Problem details: The reply should hold only the lines from the one with "this 2048×1536 image." through the end of the data, each given exactly.

Records provided:
--------------------------------------------------

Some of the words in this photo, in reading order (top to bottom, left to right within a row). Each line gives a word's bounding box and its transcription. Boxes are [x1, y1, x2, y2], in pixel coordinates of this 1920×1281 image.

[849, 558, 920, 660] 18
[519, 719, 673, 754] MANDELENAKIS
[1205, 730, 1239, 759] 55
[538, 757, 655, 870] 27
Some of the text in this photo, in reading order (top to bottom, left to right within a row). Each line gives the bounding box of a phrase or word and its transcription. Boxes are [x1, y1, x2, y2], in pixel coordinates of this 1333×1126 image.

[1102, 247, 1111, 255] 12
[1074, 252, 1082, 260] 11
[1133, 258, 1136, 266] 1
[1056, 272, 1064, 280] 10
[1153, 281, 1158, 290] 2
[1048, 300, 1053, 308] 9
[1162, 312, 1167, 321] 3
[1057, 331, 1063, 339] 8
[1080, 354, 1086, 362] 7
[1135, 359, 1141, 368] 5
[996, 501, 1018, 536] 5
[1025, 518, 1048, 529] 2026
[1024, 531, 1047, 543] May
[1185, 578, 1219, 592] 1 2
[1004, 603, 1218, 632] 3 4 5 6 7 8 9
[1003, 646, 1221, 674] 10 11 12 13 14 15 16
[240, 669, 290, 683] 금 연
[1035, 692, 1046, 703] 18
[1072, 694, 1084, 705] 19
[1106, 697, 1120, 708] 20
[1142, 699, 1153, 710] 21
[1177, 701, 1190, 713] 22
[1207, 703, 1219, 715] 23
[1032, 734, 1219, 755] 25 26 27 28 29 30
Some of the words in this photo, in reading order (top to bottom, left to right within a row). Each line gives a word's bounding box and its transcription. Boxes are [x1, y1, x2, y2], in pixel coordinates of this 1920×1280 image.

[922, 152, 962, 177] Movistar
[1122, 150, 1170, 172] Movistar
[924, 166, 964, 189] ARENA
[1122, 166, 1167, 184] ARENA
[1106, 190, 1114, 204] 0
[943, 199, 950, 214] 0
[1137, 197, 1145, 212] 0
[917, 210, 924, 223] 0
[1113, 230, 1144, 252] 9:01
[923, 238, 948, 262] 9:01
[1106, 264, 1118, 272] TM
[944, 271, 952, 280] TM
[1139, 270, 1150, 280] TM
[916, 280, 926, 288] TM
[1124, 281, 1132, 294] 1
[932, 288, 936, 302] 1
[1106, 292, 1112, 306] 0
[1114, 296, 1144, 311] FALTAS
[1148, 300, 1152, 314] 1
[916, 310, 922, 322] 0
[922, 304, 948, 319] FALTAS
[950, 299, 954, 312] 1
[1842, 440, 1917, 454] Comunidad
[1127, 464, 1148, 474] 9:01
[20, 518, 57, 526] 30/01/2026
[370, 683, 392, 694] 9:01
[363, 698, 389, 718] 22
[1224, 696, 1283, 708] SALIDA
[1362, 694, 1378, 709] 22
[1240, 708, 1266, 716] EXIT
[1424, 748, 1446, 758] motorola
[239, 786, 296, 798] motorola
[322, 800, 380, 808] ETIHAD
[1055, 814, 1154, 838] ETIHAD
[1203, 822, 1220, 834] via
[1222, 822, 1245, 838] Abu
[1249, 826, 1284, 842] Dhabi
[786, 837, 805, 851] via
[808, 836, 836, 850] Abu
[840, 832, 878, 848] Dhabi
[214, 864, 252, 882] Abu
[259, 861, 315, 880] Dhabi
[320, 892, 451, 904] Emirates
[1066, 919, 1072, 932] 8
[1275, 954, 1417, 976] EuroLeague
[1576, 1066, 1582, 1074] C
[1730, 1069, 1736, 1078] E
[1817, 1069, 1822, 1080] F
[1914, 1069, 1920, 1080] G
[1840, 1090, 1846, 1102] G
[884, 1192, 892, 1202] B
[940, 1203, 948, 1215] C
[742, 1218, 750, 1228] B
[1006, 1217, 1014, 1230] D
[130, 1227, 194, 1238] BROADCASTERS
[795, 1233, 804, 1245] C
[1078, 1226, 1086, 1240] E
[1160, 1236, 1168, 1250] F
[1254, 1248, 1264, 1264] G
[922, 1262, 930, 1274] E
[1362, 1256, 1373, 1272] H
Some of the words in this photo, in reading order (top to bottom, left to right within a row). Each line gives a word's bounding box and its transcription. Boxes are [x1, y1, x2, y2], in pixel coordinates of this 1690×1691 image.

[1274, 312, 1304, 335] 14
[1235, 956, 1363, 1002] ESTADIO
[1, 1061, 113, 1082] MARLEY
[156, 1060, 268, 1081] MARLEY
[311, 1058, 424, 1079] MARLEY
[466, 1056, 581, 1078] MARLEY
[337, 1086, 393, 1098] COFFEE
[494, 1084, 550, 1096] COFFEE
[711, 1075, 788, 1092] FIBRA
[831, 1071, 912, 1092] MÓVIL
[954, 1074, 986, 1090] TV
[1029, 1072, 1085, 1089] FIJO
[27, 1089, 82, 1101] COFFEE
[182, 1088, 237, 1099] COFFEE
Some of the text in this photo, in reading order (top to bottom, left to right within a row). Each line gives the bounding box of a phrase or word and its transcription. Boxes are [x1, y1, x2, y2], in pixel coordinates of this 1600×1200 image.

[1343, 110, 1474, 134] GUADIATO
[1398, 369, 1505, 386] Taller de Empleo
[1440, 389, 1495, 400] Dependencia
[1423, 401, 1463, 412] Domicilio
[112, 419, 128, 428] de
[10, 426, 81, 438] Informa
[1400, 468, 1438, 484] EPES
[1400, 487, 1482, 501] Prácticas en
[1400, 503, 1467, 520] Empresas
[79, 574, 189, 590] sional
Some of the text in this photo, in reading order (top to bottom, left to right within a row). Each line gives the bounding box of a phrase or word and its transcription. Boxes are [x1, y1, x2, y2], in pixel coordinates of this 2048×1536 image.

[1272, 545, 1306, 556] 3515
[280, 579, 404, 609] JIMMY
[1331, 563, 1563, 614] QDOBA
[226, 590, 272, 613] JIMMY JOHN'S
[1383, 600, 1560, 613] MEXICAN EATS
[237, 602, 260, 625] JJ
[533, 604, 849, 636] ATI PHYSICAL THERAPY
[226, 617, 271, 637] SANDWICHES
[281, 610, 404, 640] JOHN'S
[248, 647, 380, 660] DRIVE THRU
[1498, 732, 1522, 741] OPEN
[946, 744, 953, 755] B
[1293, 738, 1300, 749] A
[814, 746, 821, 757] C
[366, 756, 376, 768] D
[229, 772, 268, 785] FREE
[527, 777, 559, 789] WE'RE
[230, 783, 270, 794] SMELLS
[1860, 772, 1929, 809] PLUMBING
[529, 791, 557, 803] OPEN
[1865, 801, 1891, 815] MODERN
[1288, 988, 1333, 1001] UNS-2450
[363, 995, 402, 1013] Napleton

--------------------------------------------------

Your response:
Some of the text in this photo, in reading order (top to bottom, left to right within a row). Each line gives the bounding box of a phrase or word and its transcription. Boxes are [x1, y1, x2, y2], in pixel coordinates of this 2048×1536 image.

[1272, 545, 1306, 556] 3515
[280, 579, 404, 609] JIMMY
[1331, 563, 1563, 614] QDOBA
[226, 590, 272, 613] JIMMY JOHN'S
[1383, 600, 1560, 613] MEXICAN EATS
[237, 602, 260, 625] JJ
[533, 604, 849, 636] ATI PHYSICAL THERAPY
[226, 617, 271, 637] SANDWICHES
[281, 610, 404, 640] JOHN'S
[248, 647, 380, 660] DRIVE THRU
[1498, 732, 1522, 741] OPEN
[946, 744, 953, 755] B
[1293, 738, 1300, 749] A
[814, 746, 821, 757] C
[366, 756, 376, 768] D
[229, 772, 268, 785] FREE
[527, 777, 559, 789] WE'RE
[230, 783, 270, 794] SMELLS
[1860, 772, 1929, 809] PLUMBING
[529, 791, 557, 803] OPEN
[1865, 801, 1891, 815] MODERN
[1288, 988, 1333, 1001] UNS-2450
[363, 995, 402, 1013] Napleton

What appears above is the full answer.